Suriyaamporn et al. employed a computer-aided design for the optimization of microneedle systems based on hyaluronic acid and a copolymer of methyl vinyl ether and maleic anhydride (Gantrez®S-97) produced by micromolding (Figure 7). Fluorescein sodium (FS) was used as a model compound with hydrophilic properties. Multiple parameters were evaluated, namely the physical and mechanical properties, ocular permeation, FS remaining in ocular tissue, dissolution time, insertion force, insertion depth, and ex vivo ocular drug delivery. The permeation studies on porcine eyeballs showed that, after application of the MN patches, the total amount of released dye was close to 18%, whereas from flat patches only 1% was released after 24 h [180].
Li et al. fabricated PVP-based MNs for the ocular delivery of the insoluble drug brinzolamide, a carbonic anhydrase inhibitor applied in the treatment of glaucoma. The authors coated the microneedle matrix with a mixture of the drug with PVP and ethanol. Then, after evaporation of the solvent and solidification of the polymer with the drug, demolding was performed. In vivo studies on an animal model (rat) showed rapid in vitro drug release with 93% accumulative release at 2 h and a high corneal permeation of the drug [181]. Bhatnagar et al. employed micromolding techniques for the preparation of dissolving MNs for the corneal delivery of besifloxacin hydrochloride, a fluoroquinolone antibiotic useful in the treatment of bacterial infections. Due to blending of PVA and PVP, the obtained material revealed an appropriate mechanical strength to reach penetration depth up to 200 µm. The degree of drug penetration across human excised cornea after 24 h was assessed for the traditional suspension used for 5 min or 24 h and after 5 min of contact with the microneedles. The suspension used for 5 min was almost five times less effective than the MNs [158]. Nanoparticle-loaded bilayer dissolving microneedle arrays for the sustained delivery of proteins to the posterior region of the eye were developed by Wu and co-workers (Figure 8). Ovalbumin, a model protein, was encapsulated in PLGA-based nanoparticles by a water-in-oil-in-water double emulsion method. The nanoparticles were used to form microneedles in combination with various types of PVA. Then, after drying, a base layer made of an aqueous hydrogel was attached. It turned out that the MNs had adequate mechanical stability to puncture the sclera and then degraded very quickly releasing the nanoparticles (NPs) in less than 3 min. In turn, the slow disintegration of the NP-forming matrices resulted in the release of the active ingredient in a prolonged manner [182].

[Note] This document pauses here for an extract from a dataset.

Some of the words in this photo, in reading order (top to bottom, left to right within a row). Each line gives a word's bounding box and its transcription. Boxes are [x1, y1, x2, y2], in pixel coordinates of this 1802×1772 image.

Lee et al. drew attention to the inconvenience of applying the MN patches to the surface of the eye, resulting from the constant movements of the eyeball and eyelid. The authors also pointed to the potential risk of hypoxia of the eye surface as a result of long presence of the patches on its surface necessary to assure the therapeutic effect. As a solution, the authors proposed administering the drug in the form of a single microneedle with detachable tip, which remains in the cornea for a certain period of time, ensuring sustained release (Figure 9). Two model drugs were used, namely FITC-dextran for the determination of release profiles and polyhexamethylene biguanide, an antimicrobial agent, for in vivo assessment of therapeutic efficiency. The drug-containing tip after optimization was delivered to the mouse cornea and efficiently reduced the progression of keratitis [183].
The same group developed another rapidly detachable MN. The new idea was to modify the previously described concept by adding an additional fast dissolving layer separating the drug tip from the microneedle base. The layer consisted of a porous blend of PVA/PVP. Optimization of the composition and manufacturing process enabled almost immediate release of the tip upon contact with tear fluid and placing it at the appropriate depth applying manual pressure (Figure 10) [184].

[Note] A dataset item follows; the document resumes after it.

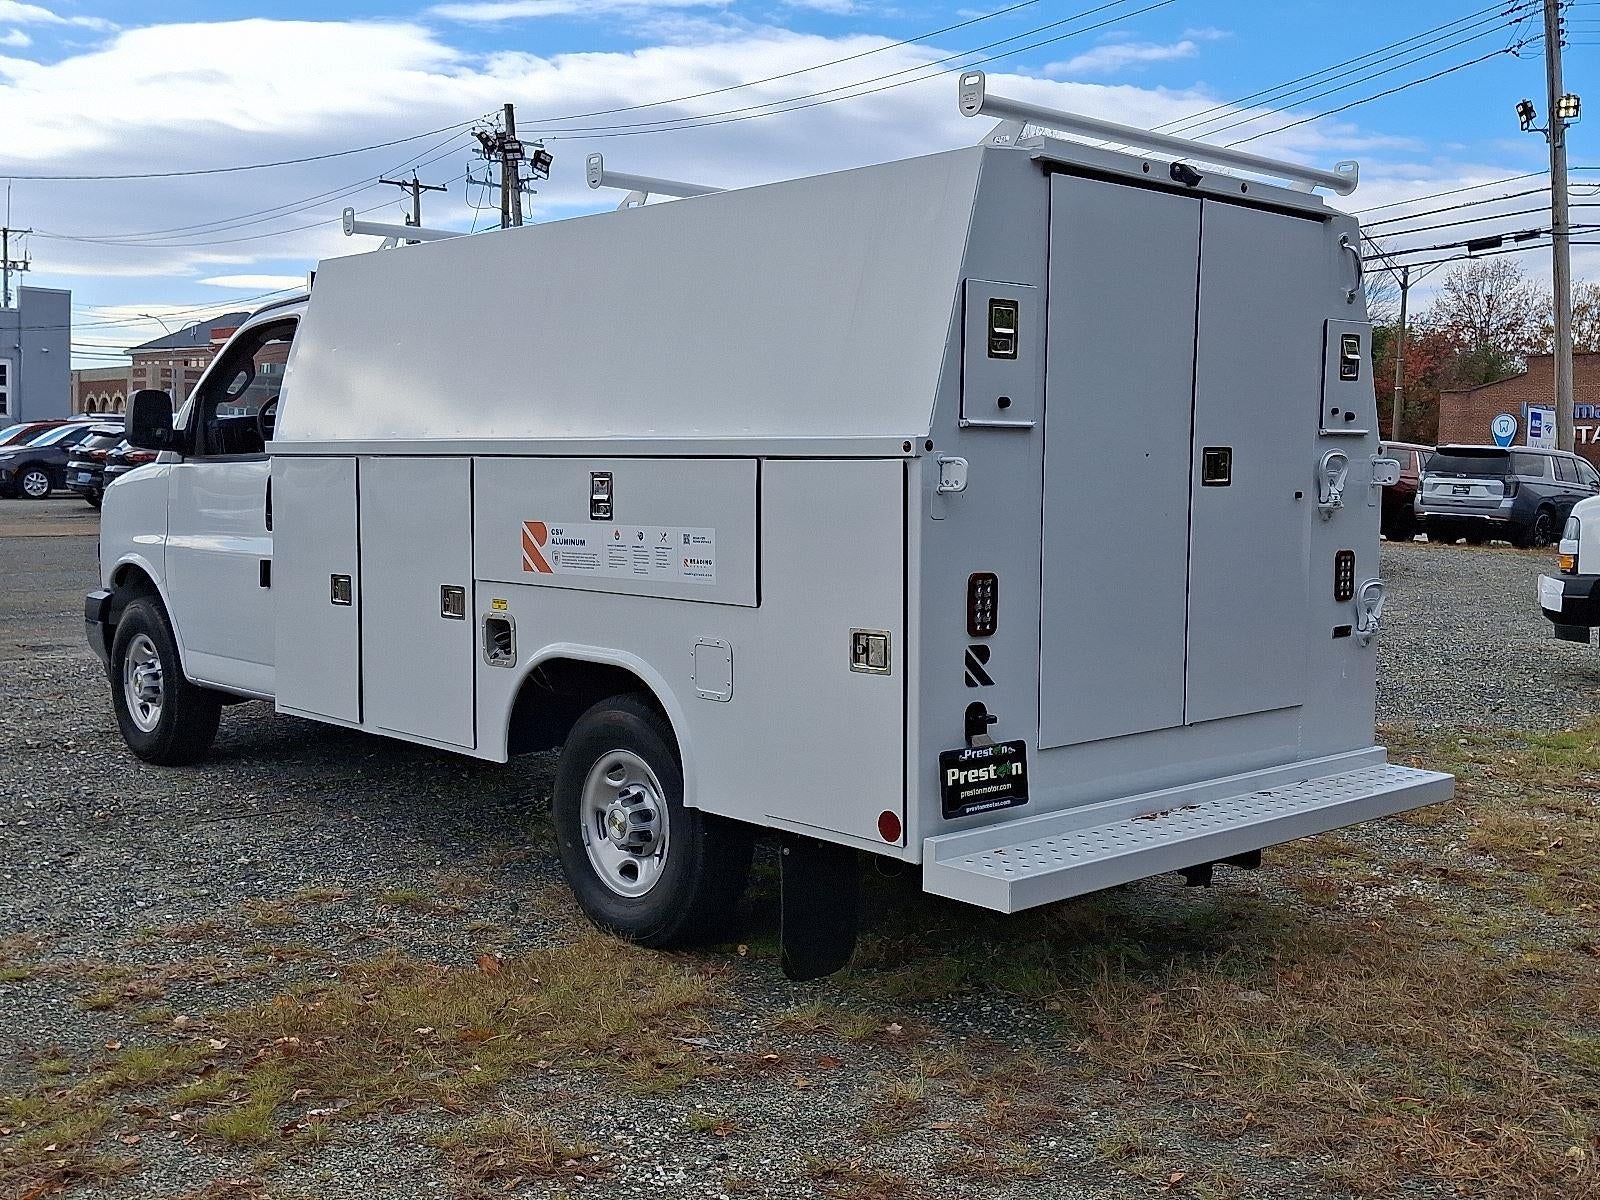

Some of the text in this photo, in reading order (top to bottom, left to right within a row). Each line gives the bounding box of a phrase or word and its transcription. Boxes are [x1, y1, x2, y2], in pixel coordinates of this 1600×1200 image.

[550, 528, 564, 536] CSV
[551, 538, 586, 546] ALUMINUM
[960, 783, 1012, 800] prestonmotor.com

Than et al. fabricated corneal patches (2 × 2 mm) with self-implantable needle-shape microreservoirs (Figure 11). The microneedles were obtained by a simple micromolding method. The outer layer consisted of methacrylated hyaluronic acid (MeHA), while the interior was filled with unmodified HA. The needles were, in turn, attached to the HA patch. This design ensured the needles to detach immediately after application. Then, the inner layer of HA quickly degraded and the drug was released, while the MeHA shell acted as a depot form. Describing in vivo experiments with the use of animal (rat) corneal neovascularization as a disease model, the authors presented that delivering an anti-angiogenic monoclonal antibody (DC101) by such an eye patch caused a reduction of the area of neovascularization by about 90%. Moreover, due to the double compartment structure of the MNs, the rapid release of the anti-inflammatory compound (diclofenac) from the fast dissolving HA-based core provided a synergistic effect with the sustained release of DC101 from the outer layer. The authors also emphasized that it is possible to produce needles containing more than two compartments with different drugs [185].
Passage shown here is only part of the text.